■ Assignment:
Leave the images aside and copy out the whole listing, exact to the word.

■ Source material:
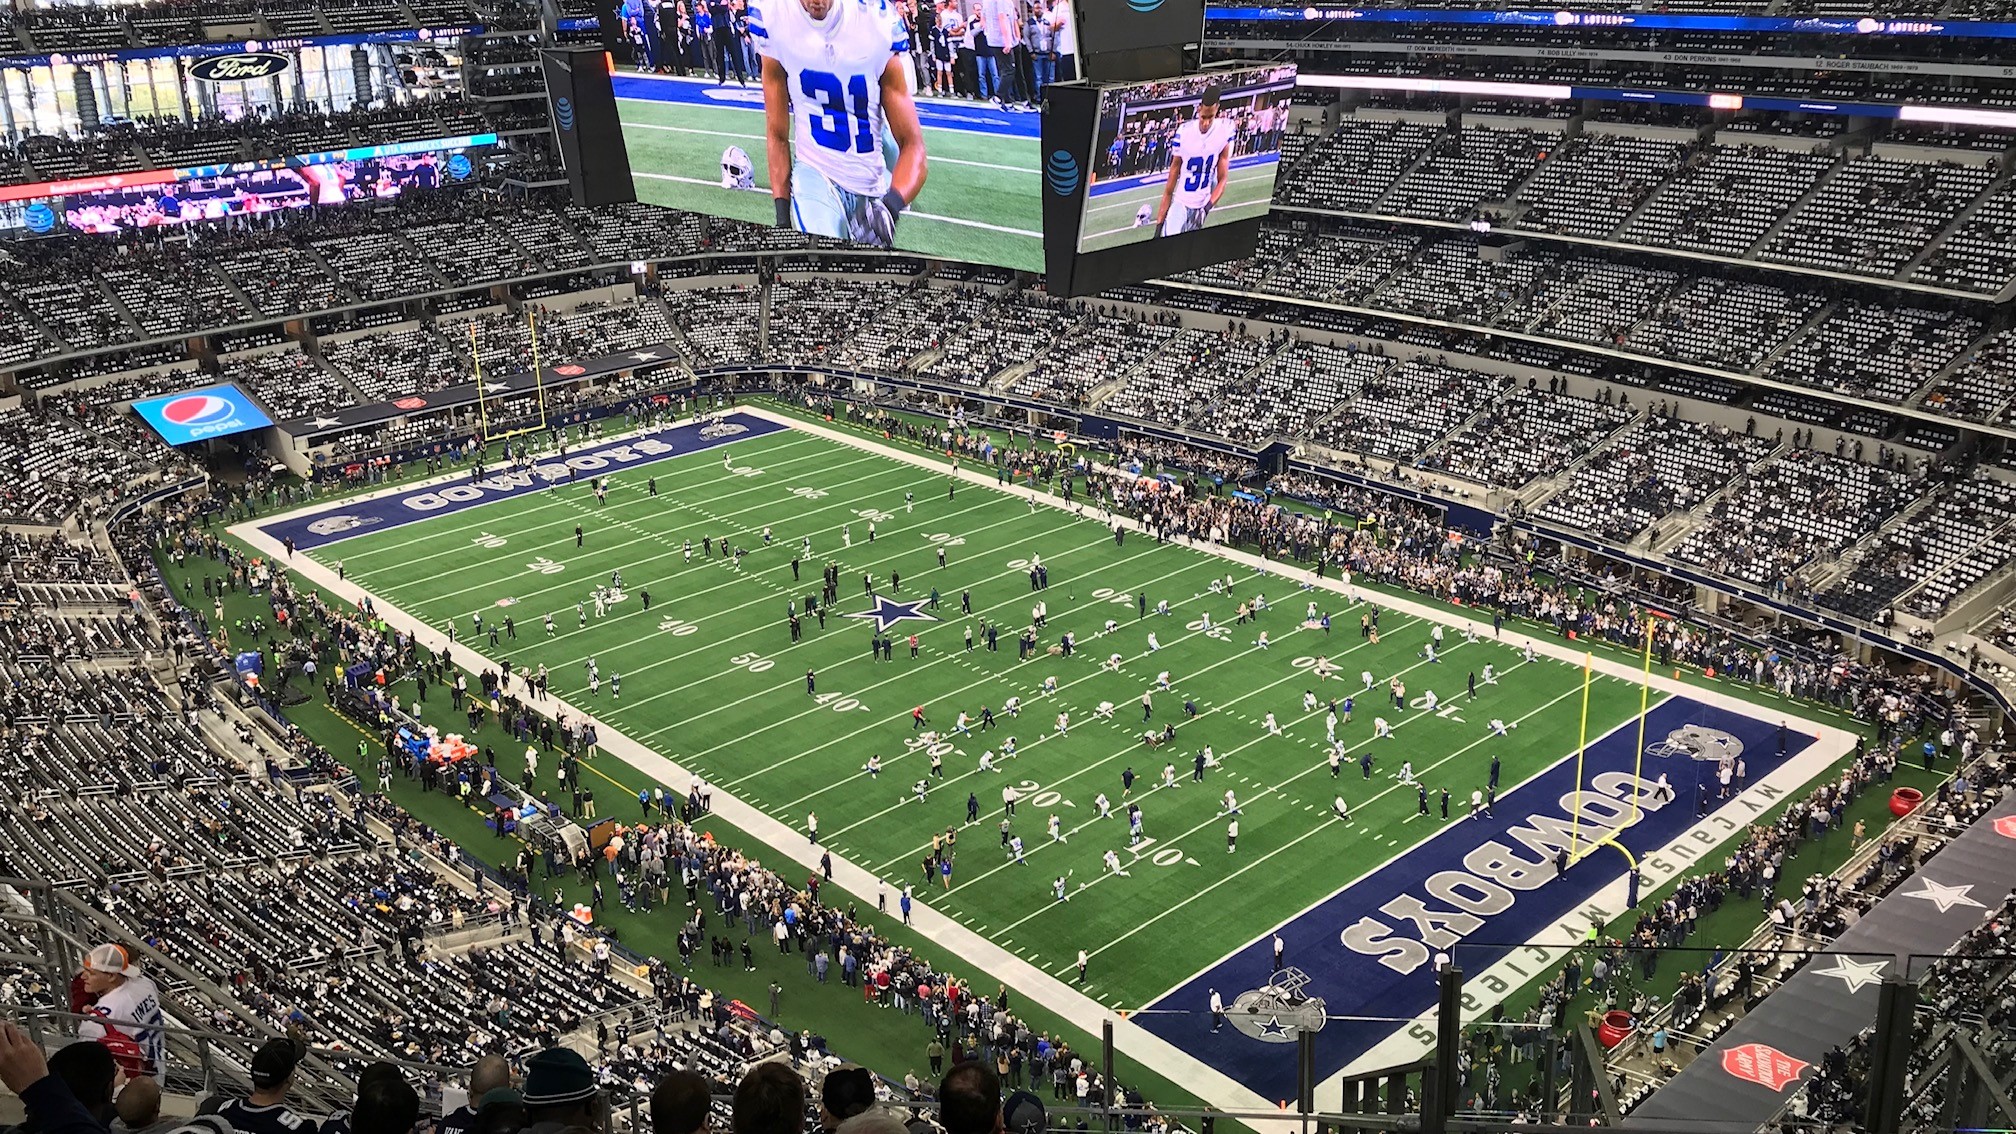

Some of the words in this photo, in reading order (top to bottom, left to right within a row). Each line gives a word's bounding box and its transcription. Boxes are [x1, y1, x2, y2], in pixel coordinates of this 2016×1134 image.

[209, 57, 272, 79] Ford
[1852, 62, 1889, 70] STAUBACH
[799, 68, 874, 153] 31
[1184, 154, 1214, 192] 31
[189, 418, 246, 438] pepsi
[402, 438, 673, 511] COWBOYS
[731, 466, 758, 478] 10
[793, 486, 829, 499] 20
[858, 508, 895, 522] 30
[471, 533, 507, 548] 10
[929, 532, 966, 546] 40
[526, 559, 565, 575] 20
[1092, 588, 1134, 603] 40
[658, 620, 698, 637] 40
[1186, 620, 1232, 639] 30
[730, 651, 775, 673] 50
[814, 691, 859, 712] 40
[1740, 783, 1784, 812] MY
[1123, 836, 1183, 866] 10
[1341, 771, 1676, 975] COWBOYS
[1559, 903, 1612, 940] MY
[1735, 1049, 1756, 1077] ARMY
[1754, 1045, 1777, 1087] SALVATION
[1775, 1058, 1792, 1078] THE

■ Answer box:
Some of the words in this photo, in reading order (top to bottom, left to right within a row). Each line gives a word's bounding box and its transcription. Boxes are [x1, y1, x2, y2], in pixel coordinates of this 2016×1134 image.

[209, 57, 272, 79] Ford
[1852, 62, 1889, 70] STAUBACH
[799, 68, 874, 153] 31
[1184, 154, 1214, 192] 31
[189, 418, 246, 438] pepsi
[402, 438, 673, 511] COWBOYS
[731, 466, 758, 478] 10
[793, 486, 829, 499] 20
[858, 508, 895, 522] 30
[471, 533, 507, 548] 10
[929, 532, 966, 546] 40
[526, 559, 565, 575] 20
[1092, 588, 1134, 603] 40
[658, 620, 698, 637] 40
[1186, 620, 1232, 639] 30
[730, 651, 775, 673] 50
[814, 691, 859, 712] 40
[1740, 783, 1784, 812] MY
[1123, 836, 1183, 866] 10
[1341, 771, 1676, 975] COWBOYS
[1559, 903, 1612, 940] MY
[1735, 1049, 1756, 1077] ARMY
[1754, 1045, 1777, 1087] SALVATION
[1775, 1058, 1792, 1078] THE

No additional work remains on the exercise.